The American Society of Echocardiography (ASE) has issued a statement on protecting patients and echocardiography service providers during the COVID-19 pandemic.
Given the risk for cardiovascular complications associated with COVID-19, echocardiographic services will likely be needed for patients with suspected or confirmed COVID-19, meaning echo providers will be exposed to SARS-CoV-2, write the statement authors, led by James N. Kirkpatrick, MD, director of the echocardiography laboratory at University of Washington Medical Center in Seattle.
The statement was published online April 6 in the Journal of the American College of Cardiology.
The authors say the statement is intended to help guide the practice of echocardiography in this “challenging time.” It was developed with input from a variety of echocardiography providers and institutions who have experience with the COVID-19, or have been “actively and thoughtfully preparing for it.”
Who, When, Where, and How
The statement covers triaging and decision pathways for handling requests for echocardiography, as well as indications and recommended procedures, in cases of suspected or confirmed COVID-19.
Among the recommendations:
- Only perform transthoracic echocardiograms (TTE), stress echocardiograms, and transesophageal echocardiograms (TEE) if they are expected to provide clinical benefit.
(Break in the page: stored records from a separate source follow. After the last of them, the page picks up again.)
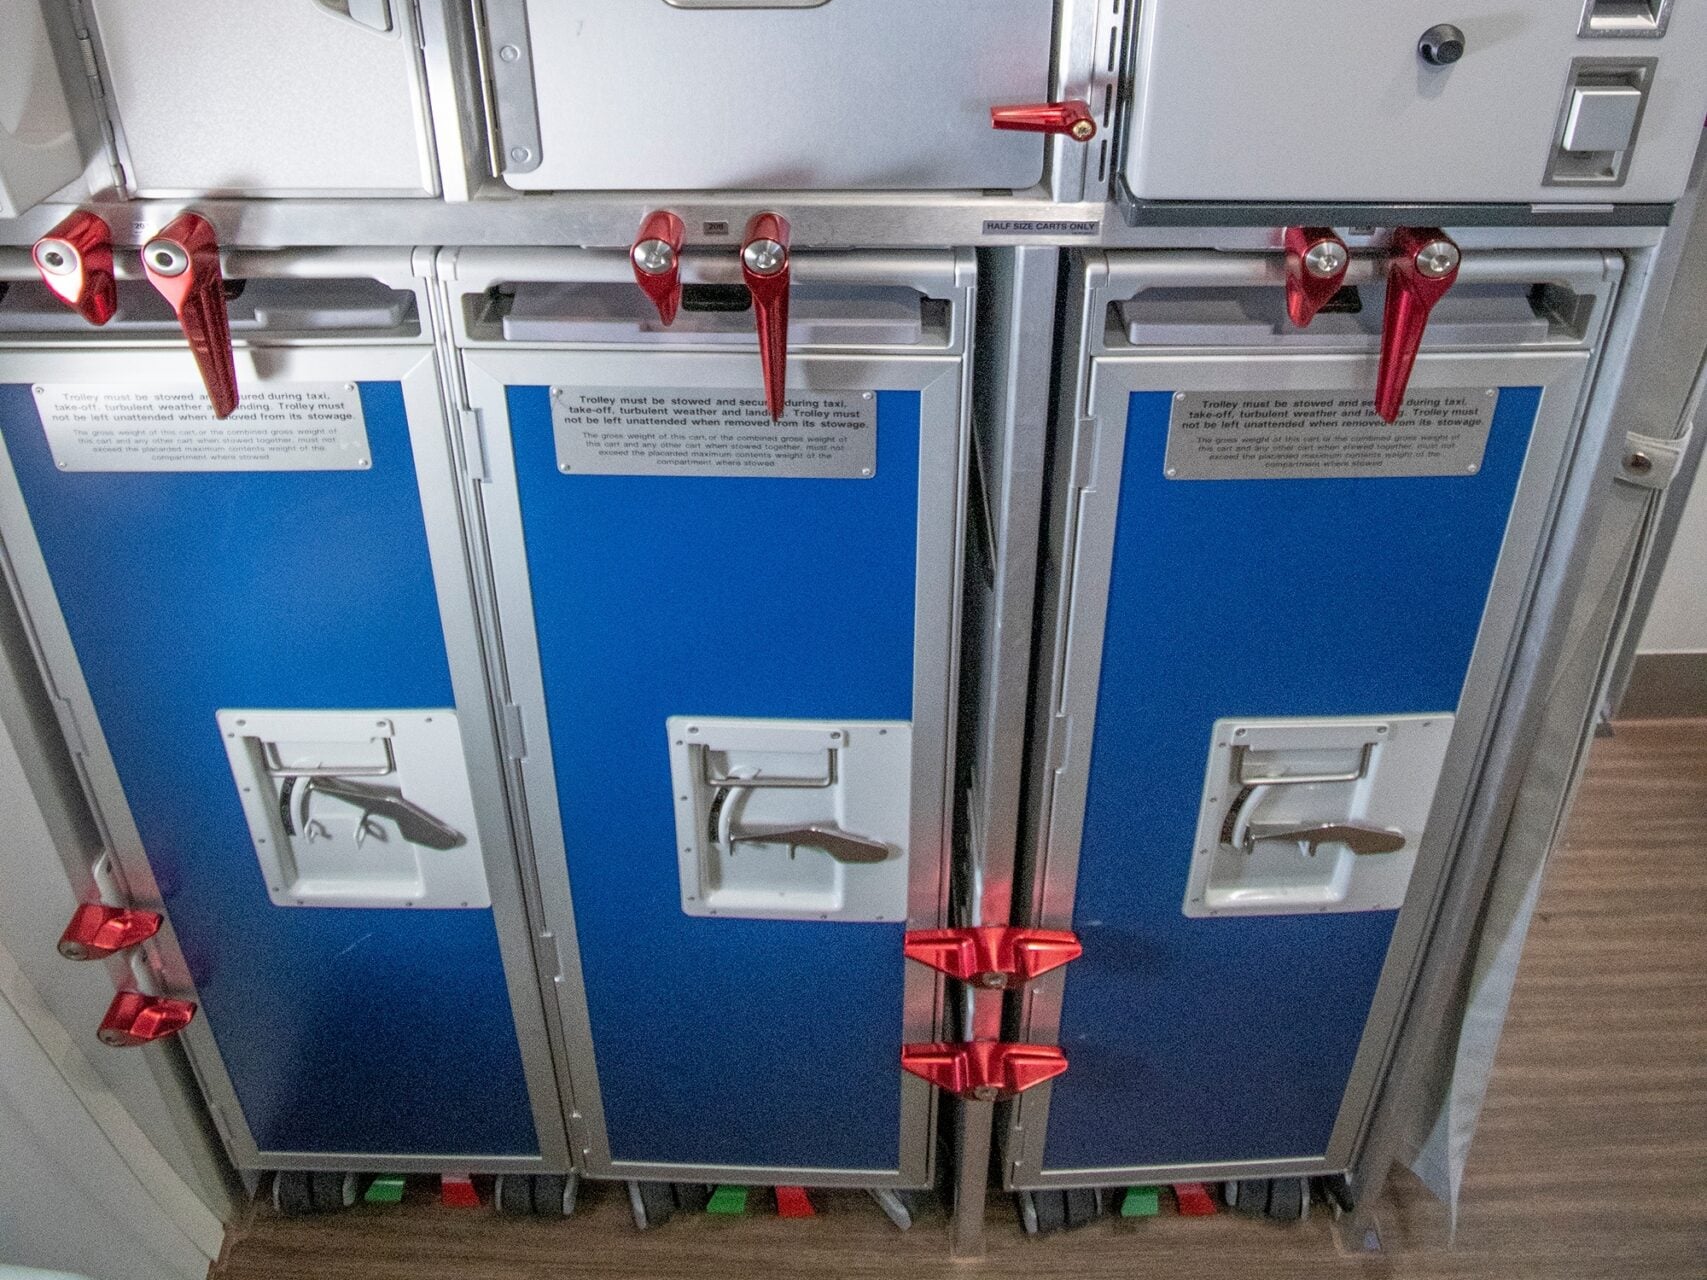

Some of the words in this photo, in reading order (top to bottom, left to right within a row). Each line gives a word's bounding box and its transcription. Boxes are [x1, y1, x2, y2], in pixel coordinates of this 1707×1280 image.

[987, 222, 1010, 230] HALF
[63, 393, 98, 402] Trolley
[154, 393, 194, 401] stowed
[268, 392, 302, 402] during
[306, 392, 330, 401] taxi,
[580, 396, 616, 406] Trolley
[620, 397, 647, 405] must
[652, 397, 665, 405] be
[671, 398, 711, 406] stowed
[716, 398, 736, 406] and
[784, 400, 819, 408] during
[823, 400, 847, 408] taxi,
[105, 403, 153, 411] turbulent
[159, 403, 202, 411] weather
[279, 402, 314, 411] Trolley
[1202, 400, 1238, 410] Trolley
[1243, 400, 1270, 408] must
[1274, 400, 1288, 408] be
[1293, 399, 1334, 408] stowed
[1338, 399, 1358, 407] and
[1406, 398, 1441, 408] during
[74, 413, 87, 421] be
[91, 413, 109, 421] left
[113, 413, 174, 421] unattended
[179, 413, 207, 421] when
[308, 413, 355, 421] stowage.
[569, 406, 615, 415] take-off,
[619, 407, 668, 415] turbulent
[673, 408, 717, 416] weather
[721, 408, 741, 416] and
[794, 409, 829, 419] Trolley
[1189, 411, 1235, 419] take-off,
[1240, 410, 1289, 418] turbulent
[1293, 409, 1338, 418] weather
[1341, 409, 1361, 417] and
[1413, 408, 1449, 417] Trolley
[1451, 408, 1479, 416] must
[586, 416, 599, 424] be
[603, 416, 622, 424] left
[626, 417, 687, 425] unattended
[691, 418, 720, 426] when
[820, 422, 869, 430] stowage.
[1182, 421, 1200, 429] not
[1203, 421, 1217, 429] be
[1221, 420, 1239, 429] left
[1243, 420, 1305, 429] unattended
[1309, 420, 1339, 428] when
[627, 433, 655, 441] weight
[807, 436, 836, 444] weight
Appropriate-use criteria represent the first decision point as to whether an echocardiographic test should be performed.
- Determine which studies are “elective” and reschedule them, performing all others. Identify “nonelective” (urgent/emergent) indications and defer all others.
- Determine the clinical benefit of echocardiography for symptomatic patients whose SARS-CoV-2 status is unknown.
- Cautiously consider the benefit of a TEE examination weighed against the risk for exposure of healthcare personnel to aerosolization in a patient with suspected or confirmed COVID-19.
- Postpone or cancel TEEs if an alternative imaging modality can provide the necessary information.
- Note that treadmill or bicycle stress echo tests in patients with COVID-19 may lead to exposure because of deep breathing and/or coughing during exercise. These tests should generally be deferred or converted to a pharmacologic stress echo.